Stress is the body’s natural response to pressure or fear, and there are benefits to feeling stress in some situations as it can boost alertness and vigilance that keep you safe under duress. However, when battling a significant medical condition like cancer, too much stress may compromise immunity and cause complications.
Help lessen the burden of stress while you fight and recover from cancer with these tips.
Managing MPN Related Stress
Everybody has a different way of coping with stress and anxiety, both healthful and not so much. These tactics are referred to as coping strategies and they may be helpful when you try to manage stress from cancer, and associated feelings of worry, fear, or depression.
While it may seem easier said than done, the effects of stress on the body when you are battling a disease like cancer are harmful and can impact your wellbeing.
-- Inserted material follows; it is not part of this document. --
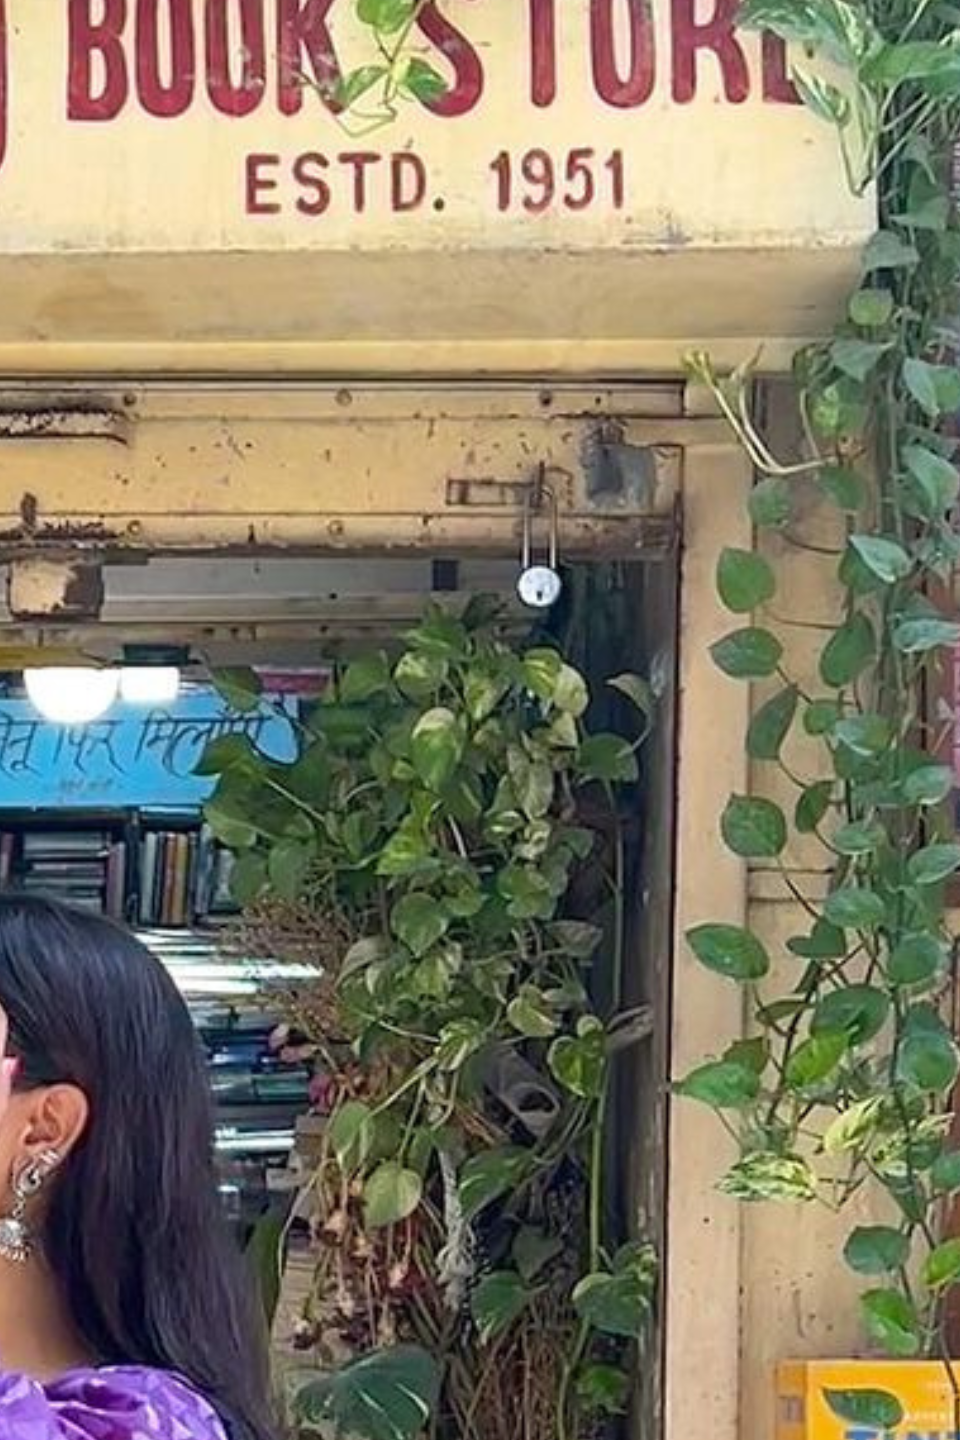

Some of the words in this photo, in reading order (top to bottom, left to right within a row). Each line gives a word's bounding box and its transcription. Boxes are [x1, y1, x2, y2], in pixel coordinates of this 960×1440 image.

[66, 0, 350, 120] BOOK
[245, 151, 445, 215] ESTD.
[489, 148, 626, 214] 1951
The stressors of a cancer diagnosis are challenging and serious; some of the most common causes of stress and worry are:
- Fatigue from treatment
- Costs related to care
- Employment concerns
- Relationship issues
- Loss of control
- Discomfort or pain
- Physical and bodily changes during treatment and recovery
- Stress of trying to help others cope with your diagnosis
Many may also simply feel overwhelmed thinking about their own mortality amidst a cancer diagnosis and the uncertainty of life, in general.
Stress and Cancer
Stress and cancer can rob you of control over your life, immobilizing you with fear so that it’s difficult to make choices and move forward. The first goal of managing stress is to regain control of paralyzing fears, worries, and thoughts that are causing you to seek unhealthy ways to cope.
Turn the tables by figuring out your triggers and what seems to cause you stress, depression, and anxiety- so that you can predict tough situations, implement coping mechanisms, and work through these moments without unhealthy vices or relapse.
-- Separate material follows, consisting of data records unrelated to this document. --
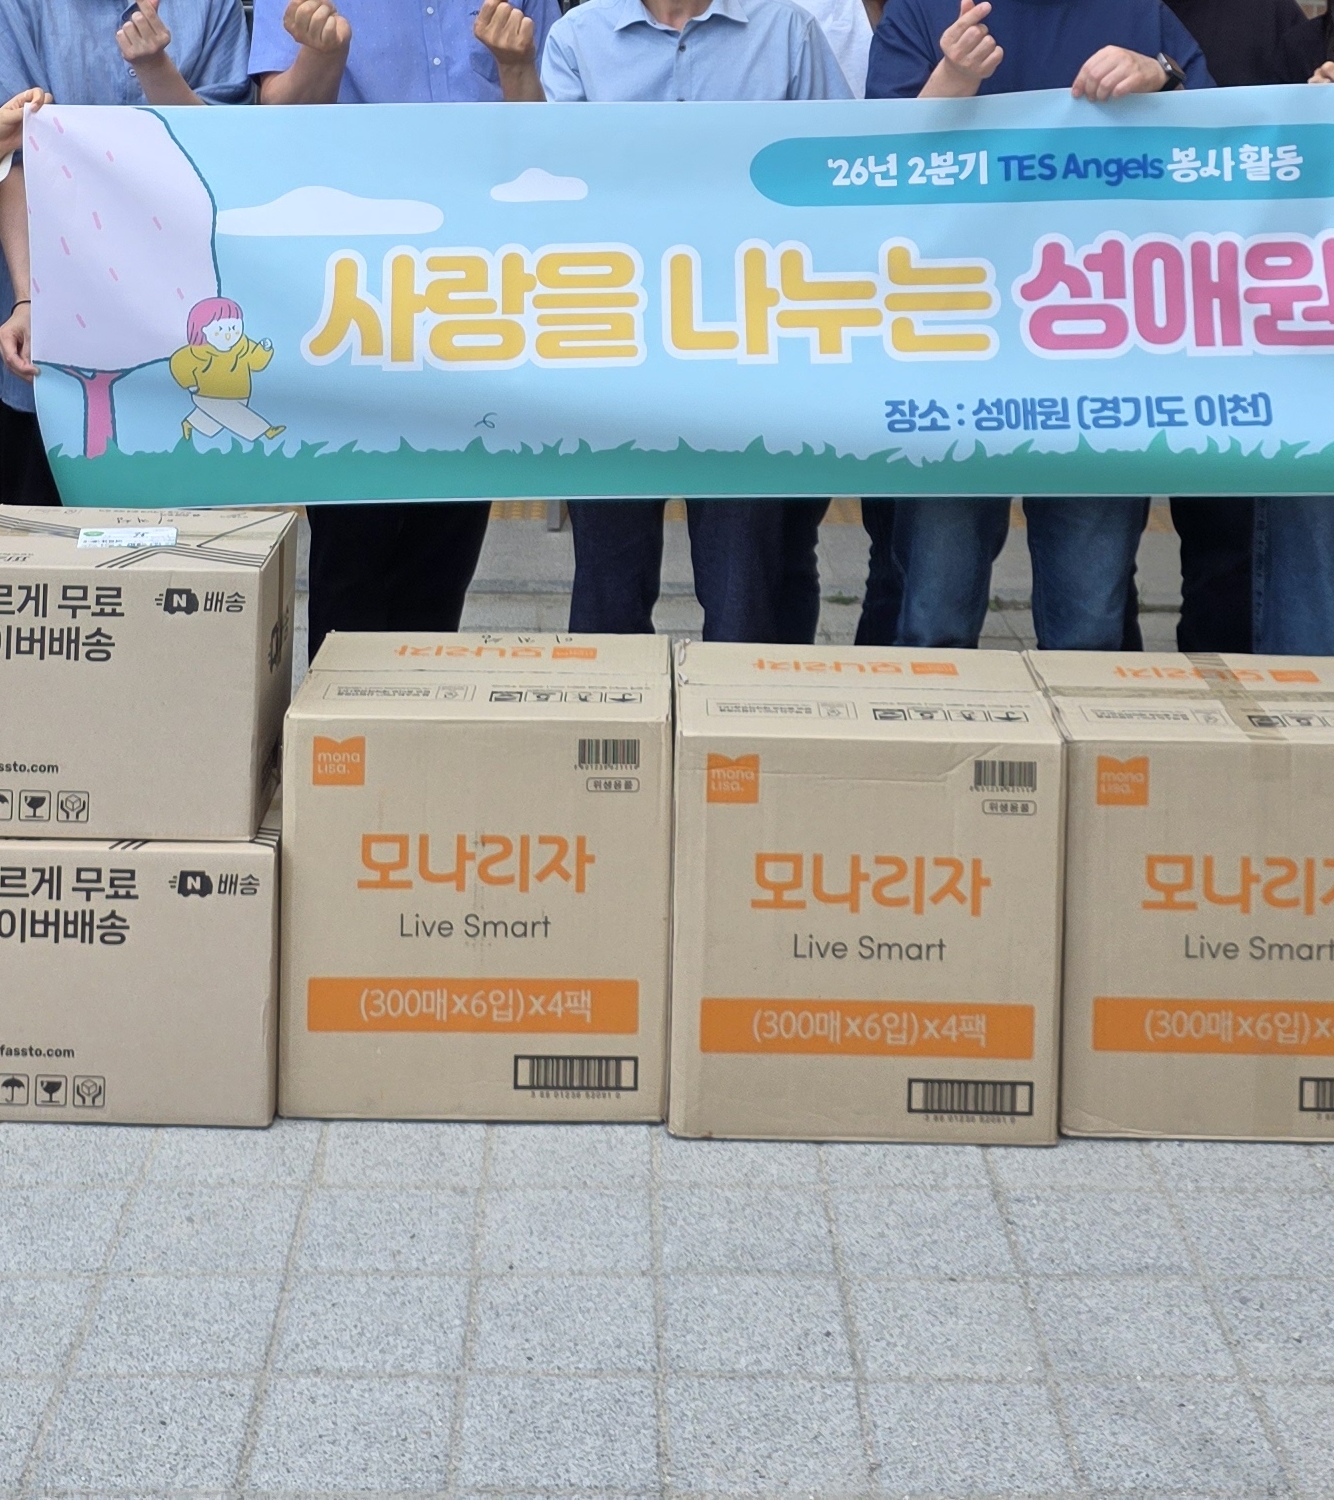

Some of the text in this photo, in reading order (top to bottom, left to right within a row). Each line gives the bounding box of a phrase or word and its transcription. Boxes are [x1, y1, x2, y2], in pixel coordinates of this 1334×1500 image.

[907, 150, 988, 186] 2분기
[997, 153, 1058, 182] TES
[1062, 152, 1164, 187] Angels
[305, 247, 644, 367] 사랑을
[667, 242, 997, 359] 나누는
[972, 396, 1071, 432] 성애원
[57, 584, 125, 619] 무료
[203, 590, 247, 614] 배송
[317, 751, 361, 763] mona
[357, 833, 596, 893] 모나리자
[71, 867, 140, 902] 무료
[218, 872, 261, 897] 배송
[750, 852, 992, 917] 모나리자
[399, 912, 551, 939] Live Smart
[793, 933, 947, 962] Live Smart
[1184, 933, 1240, 961] Live
A great beginner activity is to start with areas of life that you can control, such as diet and exercise. Be vigilant about caring for what you put in your body, which will enhance your recovery from any illness or disease, and put effort and attention into a fitness regimen. Gaining control over what you eat can be remarkably empowering- and it feels perfect!
Coping with Cancer
So what are some positive and healthful coping strategies that may have an effect on something as serious as cancer? Accepting help and support is the first step toward developing new coping mechanisms. Learn to ask for what you need— whether it’s assistance or a friendly ear— from those that love and care about you. If you lack emotional support in your life, reach out to a support group that can offer insight into coping with cancer and the stressors that come along with it.
Some positive ways to cope with the stress of cancer include:
- Putting your health first. Eat well and exercise. Use good sleep hygiene to get plenty of rest. Drink enough water.
- Prioritizing your goals. Save energy by postponing tasks that are not important right now. Instead, focus on your health, wellbeing, and loved ones.
- Tending to self-care. Take a little time each day to pamper and indulge yourself. Read a book, take a bath, or have a nap— anything that lets you relax and focus on yourself.
- Stopping negative thoughts. Negativity can be a slippery slope. Try not to dwell on negative thoughts. Boost your morale with positive self-talk and affirmations throughout the day.
- This might be prayer, silent reflection, or deep breathing. Sit quietly and center yourself. Be mindful and focus on the present.
- Talking to others. Find people who are experiencing the same feelings as you. Join a support group, call a friend, or talk to a mental healthcare provider. Don’t try to go it alone. Sharing can be a cathartic experience.
Start now on reducing the stressors in your life one day at a time. Look for ways to replace worry with a calmer mindset by focusing on all the beauty around you. Put your health first and start living a more active and healthier life.